### WORK TO BE COMPLETED
Your task is to copy every line of this material exactly.

### DATASET CONTENT
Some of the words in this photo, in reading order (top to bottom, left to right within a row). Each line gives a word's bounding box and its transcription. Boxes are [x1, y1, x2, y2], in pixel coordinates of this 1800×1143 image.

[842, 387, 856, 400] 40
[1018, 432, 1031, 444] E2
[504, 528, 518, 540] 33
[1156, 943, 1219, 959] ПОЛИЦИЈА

### ANSWER
Some of the words in this photo, in reading order (top to bottom, left to right within a row). Each line gives a word's bounding box and its transcription. Boxes are [x1, y1, x2, y2], in pixel coordinates of this 1800×1143 image.

[842, 387, 856, 400] 40
[1018, 432, 1031, 444] E2
[504, 528, 518, 540] 33
[1156, 943, 1219, 959] ПОЛИЦИЈА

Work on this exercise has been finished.